I know my boy needs some companionship. Plus, it's cold and he needs someone to cuddle with. But would you get yet a 4th goat already! And what would you get? A whether is a safe choice. But I also wanted a second buck some day...maybe a buckling?...Looking for some opinions, thanks so much!


----------



## shanzone2001 (Nov 8, 2009)

:wave: I am no goat expert, but we have 3 wethers for pets and they are fabulous! I would try to find a kid that you can raise to be friendly or an older one that is people friendly. Ask yourself- Will one more sweet, loving, adorable, friendly goat really be much more effort and money? lol He will keep your buck company and give your dog another playmate! I must warn you that my advice is bias because I love goats and think they need friends (which is why we went from just 2 goats to 5 goats, 2 sheep, and 6 chickens in just one year!)
Good luck!!!


----------



## capriola-nd (Jul 6, 2008)

I would also see about getting a full-grown wether or *possibly* another buck. Only problem we had with keeping a wether and buck together is our buck would pick on the wether and do strange things that are quite disturbing. :roll:

If your buck is full-grown, I wouldn't put a young buckling with him, he'll probably get picked on terribly.


----------



## goatnutty (Oct 9, 2007)

I have a weather companion for my buck and I could sell you one...lol. They are much better that way


----------



## RowdyKidz (Apr 2, 2009)

Yep...I think he needs a buddy!


----------



## pennylullabelle (Nov 22, 2009)

It's funny, I went looking for a buddy for him, found Capriola's website, and found a doe I'm interested in. :hi5: 

Anywho, I think I'm on board with everyone No youngins because I don't want them to get bullied. So, a buck or whether close to his age. Not sure we are ready for another buck yet (we only have TWO does, how many bucks could we need!?) So, I am huntin for a whether. :wahoo: 

Goatnutty- I'm in Reno, NV. Indiana is quite a ways! But thanks!! :thumbup:


----------



## RowdyKidz (Apr 2, 2009)

Are you looking at a Nigi then?


----------



## pennylullabelle (Nov 22, 2009)

For a companion for Courageous I don't have much preference, but the doe I mentioned is a Nigi.


----------



## RowdyKidz (Apr 2, 2009)

http://www.npga-pygmy.com/contacts/breeders.asp 
Try there for pygmies.


----------



## RowdyKidz (Apr 2, 2009)

http://www.goatfinder.com/dwarf_goat_directory.htm Nigi
http://www.goatfinder.com/pygmy_goat_directory.htm Pygmies
http://www.goatfinder.com/miniature_goat_directory.htm Minis

Good luck!


----------



## pennylullabelle (Nov 22, 2009)

Thank you for all the great links! Going to meet a potential whether either Sunday or Monday. :wahoo: :stars: :leap: :clap: 


Sssssshhhhh...don't tell my husband :angel2: :angel2: :angel2: hehehehe


----------



## sparks879 (Oct 17, 2007)

Personaly i would get him a buck. Whetheres are useless to me. Why feed an animal that just sits there. Another buck can at least be used for breeding.
beth


----------



## RowdyKidz (Apr 2, 2009)

Congrats! That's wonderful!


----------



## pennylullabelle (Nov 22, 2009)

Beth-

That's definitely something I thought about. We have a bit of a policy around here - everyone does their part. The horses get ridden, chickens lay eggs, cats catch mice, dogs protect, and so on. If an animal isn't useful and we can find a much better home, we do. For example: we have a 1.5 year old Alaskan Malamute. Really stunning dog, and we have put a lot of time into basic obedience, house training, etc. She knows our routine and such. But she nips at my horses sides to make them run, wants to eat my chickens, and the one time she got anywhere near the goat pen she started frantically jumping and barking trying to get through the fence. We all know she wasn't hoping to get in there to play...

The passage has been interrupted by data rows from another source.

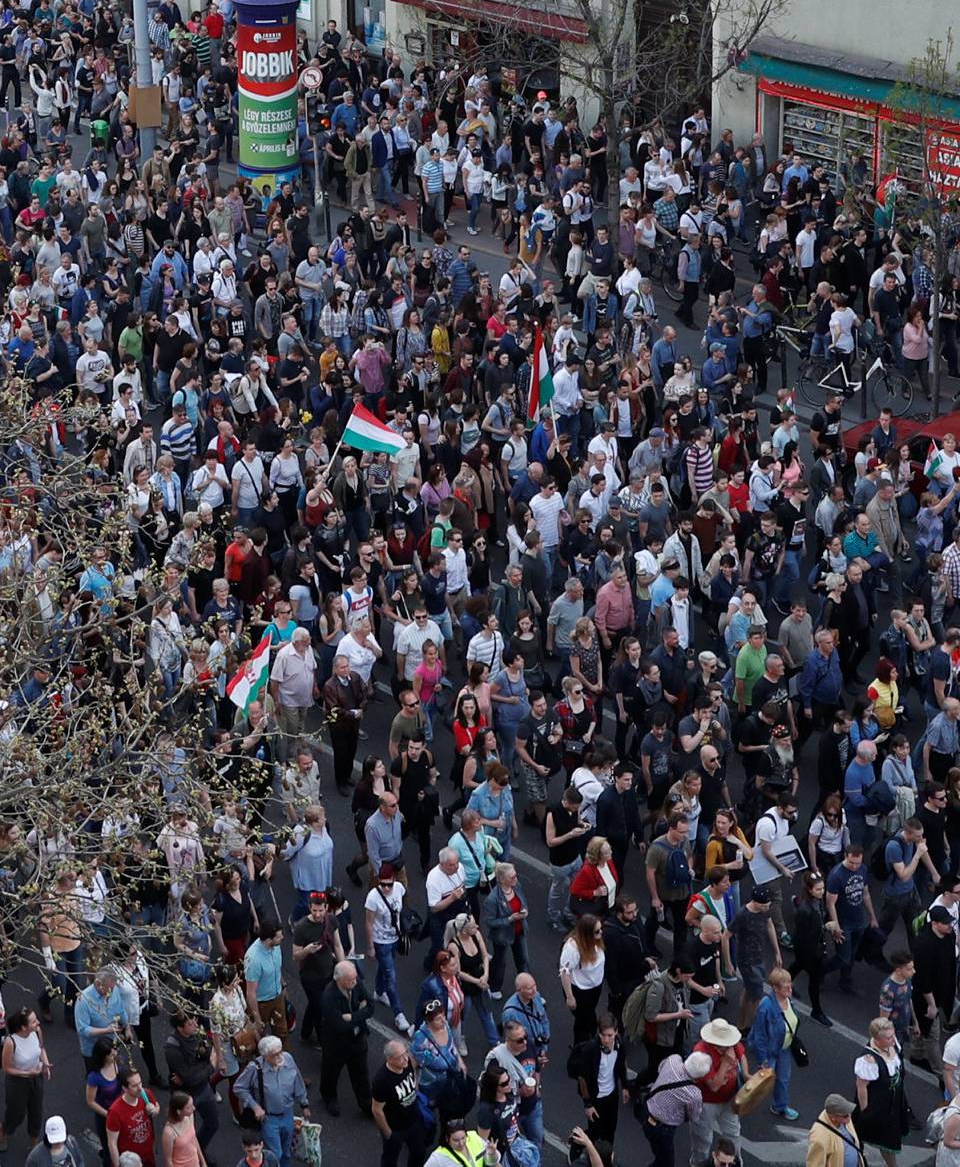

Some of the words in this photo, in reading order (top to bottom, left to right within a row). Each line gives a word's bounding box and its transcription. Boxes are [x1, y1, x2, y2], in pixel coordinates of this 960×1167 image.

[241, 49, 295, 77] JOBBIK
[243, 108, 259, 121] LÉGY
[261, 108, 292, 123] RÉSZESE
[242, 120, 246, 130] A
[259, 143, 281, 153] ÁPRILIS
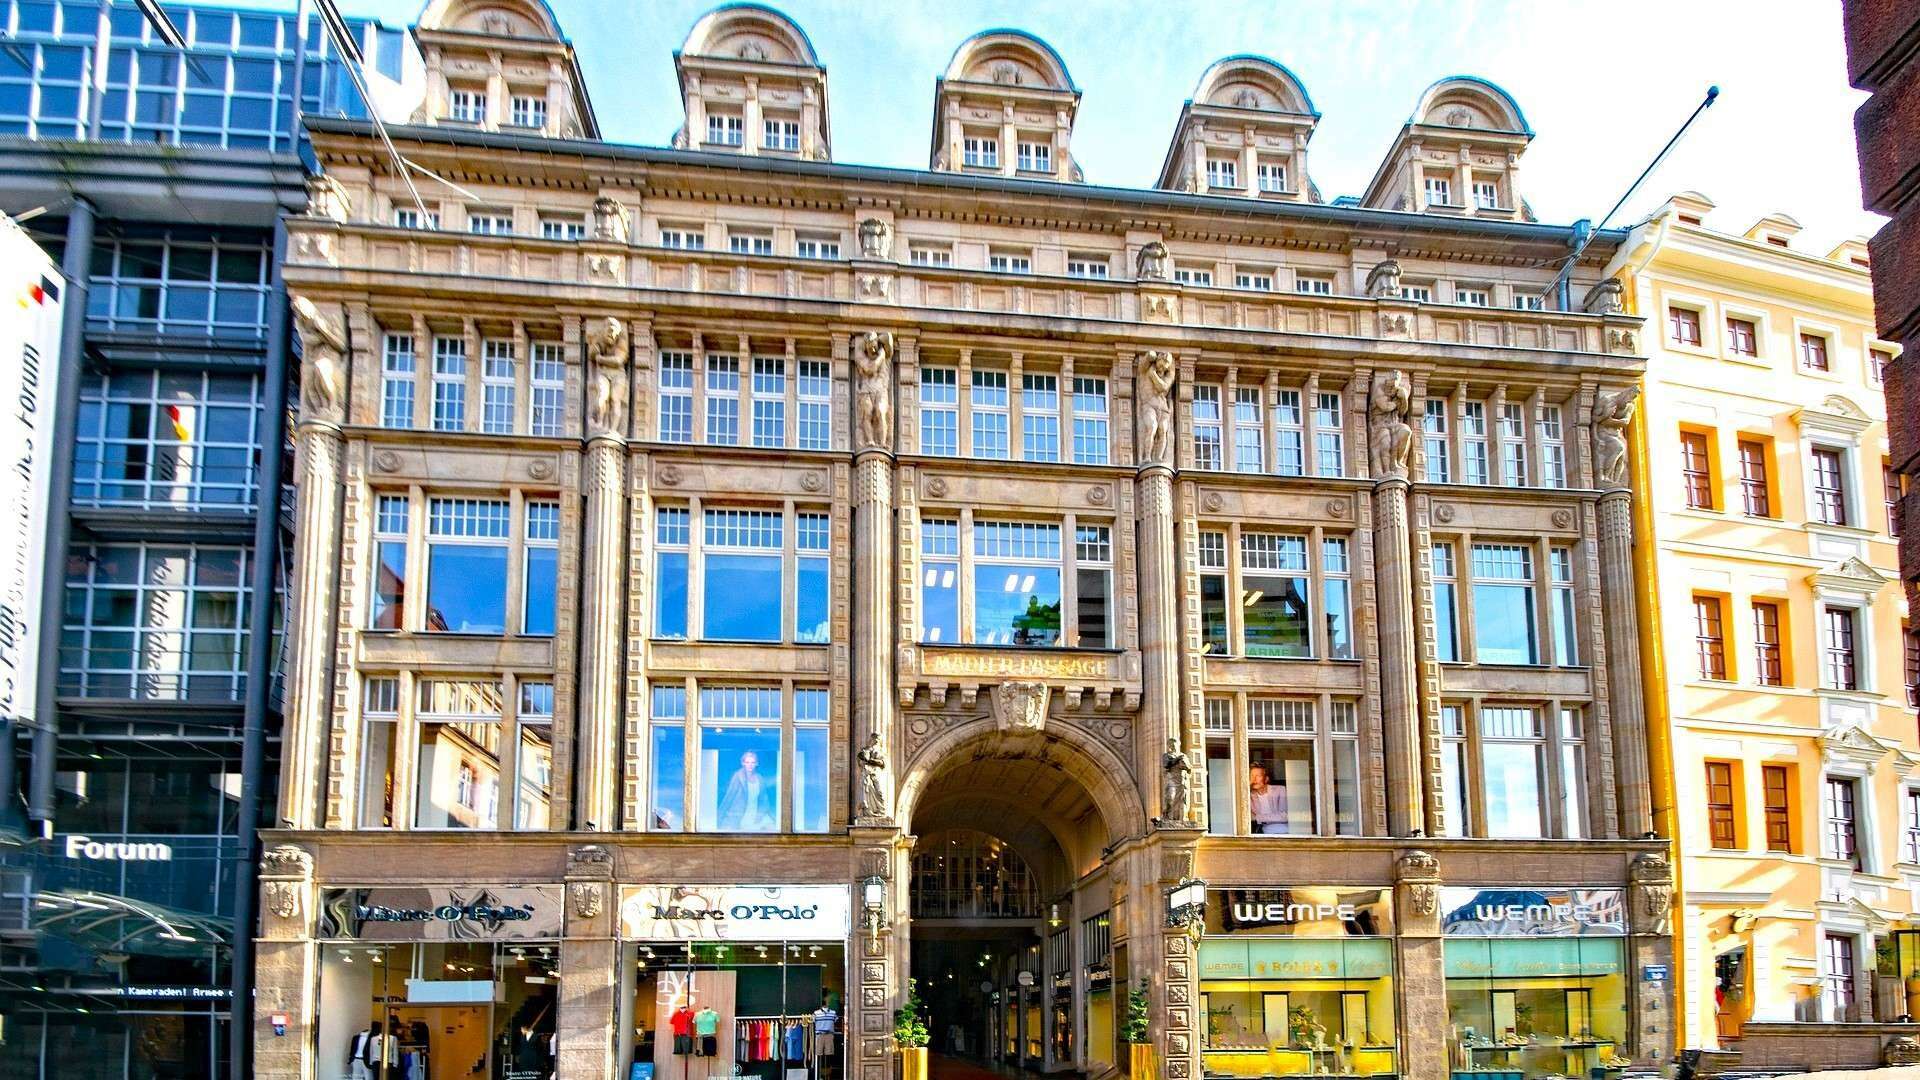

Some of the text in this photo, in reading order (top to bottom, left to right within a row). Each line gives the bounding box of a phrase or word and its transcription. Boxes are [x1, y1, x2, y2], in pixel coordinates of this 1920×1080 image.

[66, 835, 172, 861] Forum
[356, 905, 434, 921] Marc
[652, 905, 725, 920] Marc
[1234, 903, 1356, 921] WEMPE
[1476, 904, 1591, 922] WEMPE
[128, 987, 187, 997] Kameraden!
[193, 988, 225, 997] Armee

So, we are looking for a new home for her. Her prey drive is so high I fear what she would do if she got back to the barn without me there. 

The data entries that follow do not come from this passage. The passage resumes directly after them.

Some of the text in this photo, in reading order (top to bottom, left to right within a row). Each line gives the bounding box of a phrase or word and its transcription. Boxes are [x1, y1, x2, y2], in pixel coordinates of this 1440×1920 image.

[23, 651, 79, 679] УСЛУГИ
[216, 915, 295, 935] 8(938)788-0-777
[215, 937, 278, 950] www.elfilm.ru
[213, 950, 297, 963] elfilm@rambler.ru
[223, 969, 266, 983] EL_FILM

This has turned into more of a rant about my concerns then the actual point! We don't typically have animals that we need to feed and care for who don't serve a purpose. For that reason I really had considered another buck. But I just don't know if I can justify having a second buck with only two does! He will cost much more to purchase, plus the boys together will intensify their scent to try to over power each other. My friend has two buck who knock heads so much they are bald! Is that typical or can bucks get along?


----------



## StaceyRosado (Oct 5, 2007)

really he is just acting the part of a goat who feels he can get his way -- he will settle in fine as long as he can see the other goats I dont see there being a problem with him being alone.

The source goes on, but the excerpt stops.